Una volta che la cannula LED è in posizione, aggiungere una goccia di 100 microlitri di adesivo tissutale sul bordo della craniotomia. Utilizzare un pennello sterile per applicare una miscela di cemento dentale appena preparata attorno al connettore della cannula a poco a poco, costruendo strati fino a quando il cranio è coperto e il connettore è fissato saldamente al cranio, lasciando i perni completamente liberi. Quando il cemento si asciuga completamente, chiudere la pelle intorno all'impianto usando l'adesivo tissutale.
Quindi, posizionare il mouse in una gabbia di recupero su una piastra riscaldante a 33 gradi Celsius durante il monitoraggio dei segni di disagio o dolore. Registra il comportamento dell'animale con una normale fotocamera e cattura da 30 a 60 fotogrammi al secondo dalla parte anteriore della camera. Uno specchio può essere posizionato sotto la camera di allenamento con un angolo di 45 gradi per monitorare la postura dell'animale.

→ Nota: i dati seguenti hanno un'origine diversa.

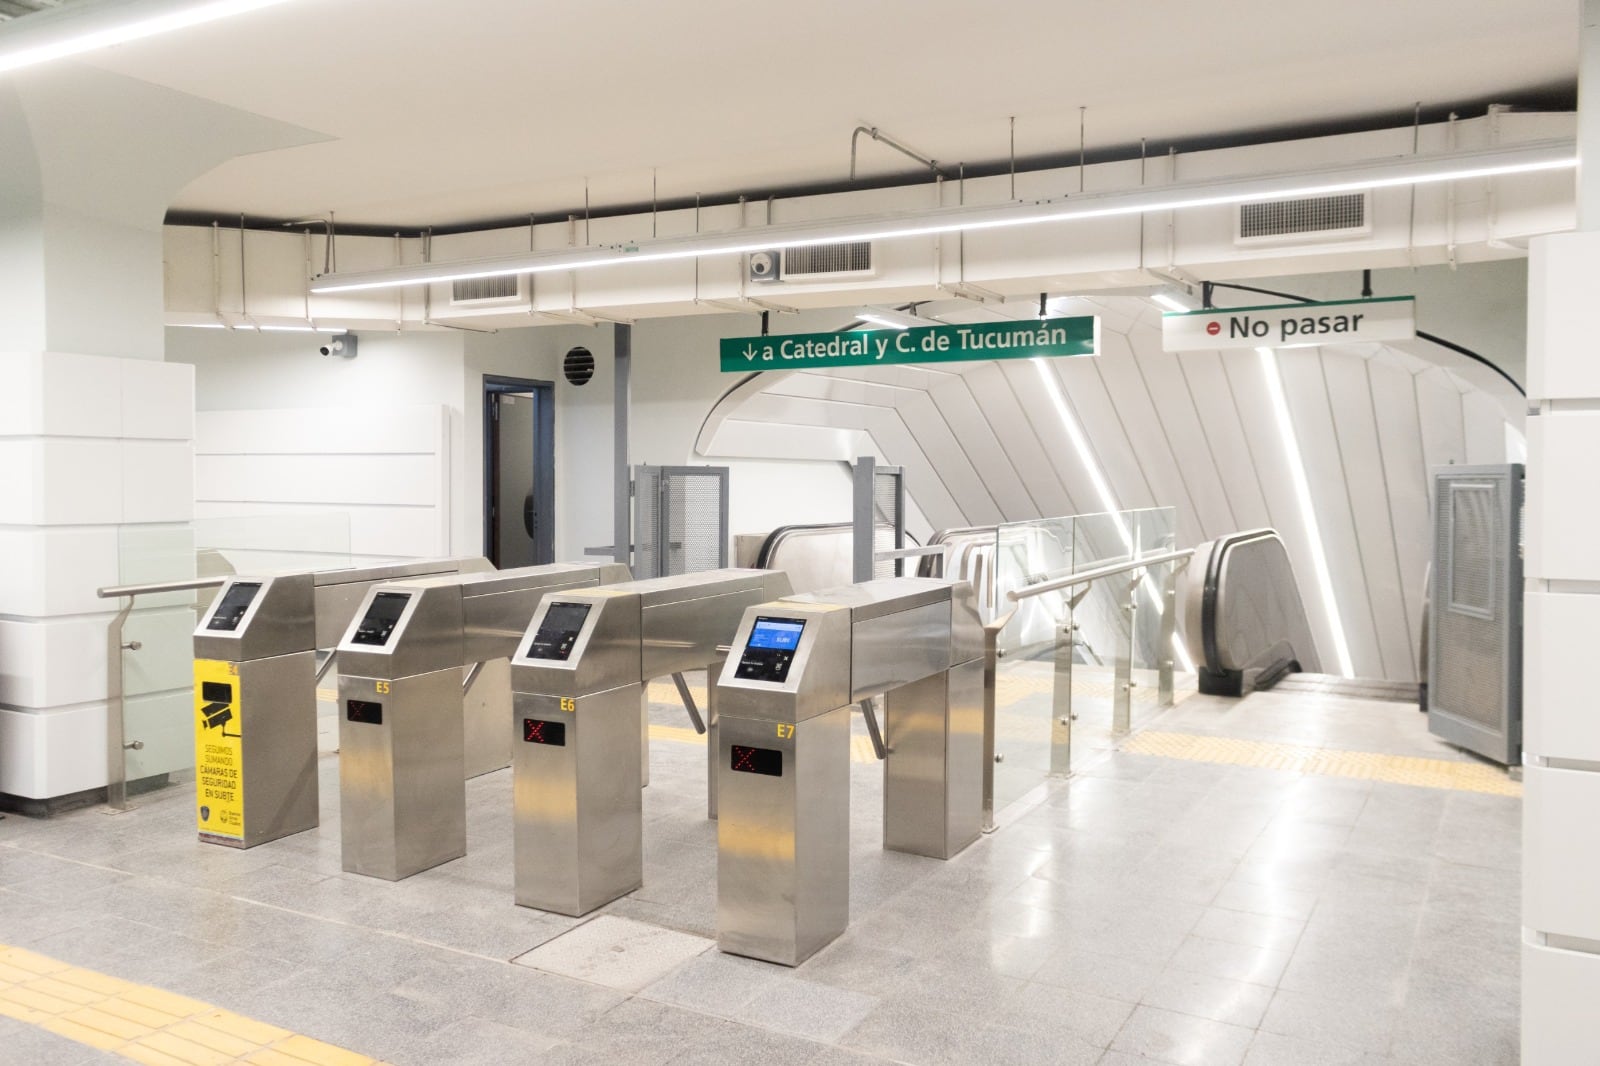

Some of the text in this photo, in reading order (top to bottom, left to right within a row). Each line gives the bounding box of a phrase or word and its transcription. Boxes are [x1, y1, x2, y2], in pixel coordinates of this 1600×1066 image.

Quando i topi iniziano a raggiungere il pellet, ruotare manualmente la cannula LED con il telecomando per avere una stimolazione continua per il tempo in cui il comportamento viene eseguito per non più di due secondi. Il dispositivo di stimolazione attiva un LED di 470 nanometri con intensità alla punta di un milliwatt per millimetro quadrato. Il comportamento motorio fine dell'animale sotto manipolazioni optogenetiche è stato studiato con il compito di raggiungere la presa.

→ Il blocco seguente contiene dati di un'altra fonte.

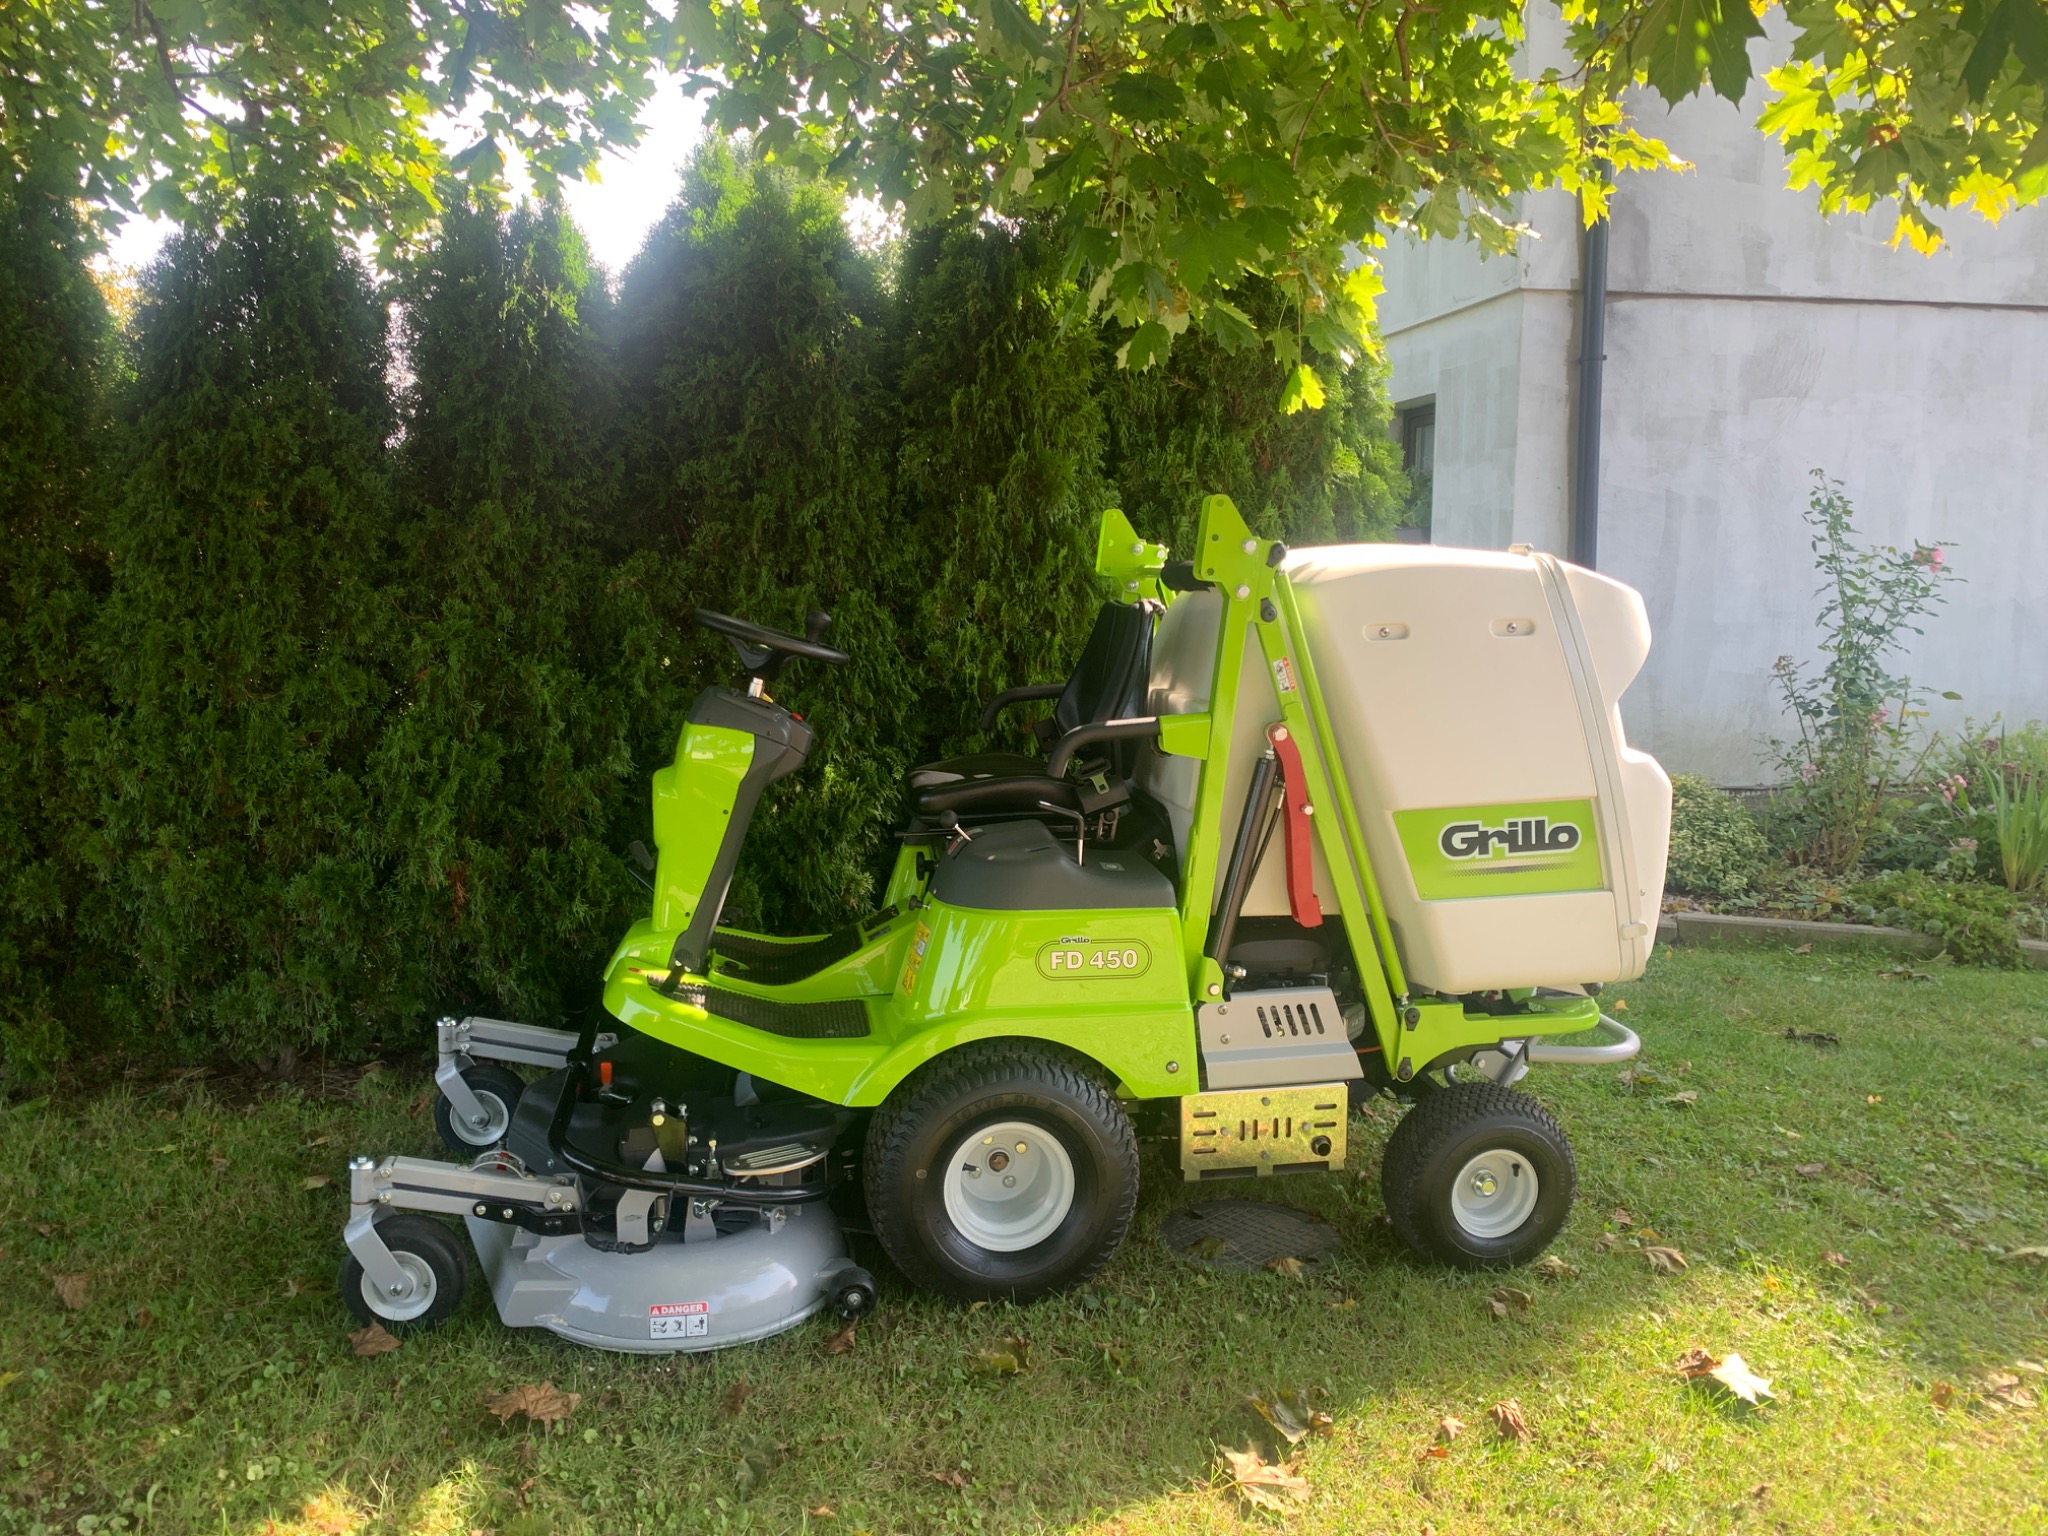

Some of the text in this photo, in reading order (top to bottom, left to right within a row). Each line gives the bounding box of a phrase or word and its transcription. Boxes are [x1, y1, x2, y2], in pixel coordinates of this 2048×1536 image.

[1440, 818, 1580, 858] Grillo
[1060, 936, 1091, 944] Grillo
[1049, 948, 1138, 970] FD 450
[661, 1304, 703, 1314] DANGER

I topi hanno imparato a eseguire il compito in un paio di giorni e hanno raggiunto una precisione superiore al 55%, raggiungendo un plateau dopo cinque giorni di allenamento. La traiettoria dei movimenti è stata tracciata con la videografia ad alta velocità, rendendo possibile l'analisi della cinematica. È stata eseguita la valutazione quantificabile di parametri come distanza percorsa, velocità, accelerazione, endpoint e traiettoria.
Nelle prove mancate, i topi hanno iniziato il movimento di presa più lontano dal pellet rispetto alle prove colpite. Inoltre, gli errori sono stati significativamente associati alla postura del mouse, mostrati dalle differenze nell'angolo del corpo durante le prove colpite e mancate. L'attivazione controlaterale della dopamina D1 che esprime i neuroni di proiezione spinosa, o SPN, ha ridotto il successo di presa rispetto alle condizioni di controllo.
Durante una stimolazione optogenetica, la traiettoria della zampa aumentava nella distanza di viaggio, portando all'incapacità di colpire il pellet e ad un aumento del tipo di errore iniziale uno. L'analisi dei componenti principali, o PCA, ha mostrato che tutte le traiettorie di prova durante l'attivazione degli SPN D1 controlaterali si sono separate in un cluster con quasi nessuna sovrapposizione con il cluster di controllo, indicando una bassa somiglianza. L'attivazione dei DSPN sul lato ipsilaterale ha portato ad un aumento della dispersione della traiettoria mostrata dall'analisi PCA.
Quindi, l'attivazione ipsilaterale degli SPN D1 ha modificato la traiettoria di raggiungimento senza modificare il risultato comportamentale. Quando si esegue questo protocollo, fare attenzione a posizionare correttamente la cannula in modo che non si stacchi durante le sessioni di allenamento. Questo metodo può essere utilizzato in altri paradigmi comportamentali per studiare il comportamento motorio, l'elaborazione sensoriale, l'apprendimento e la memoria.
L'optogenetica wireless permetterà di studiare il comportamento naturalistico e le sue basi neurobiologiche in soggetti veramente liberi.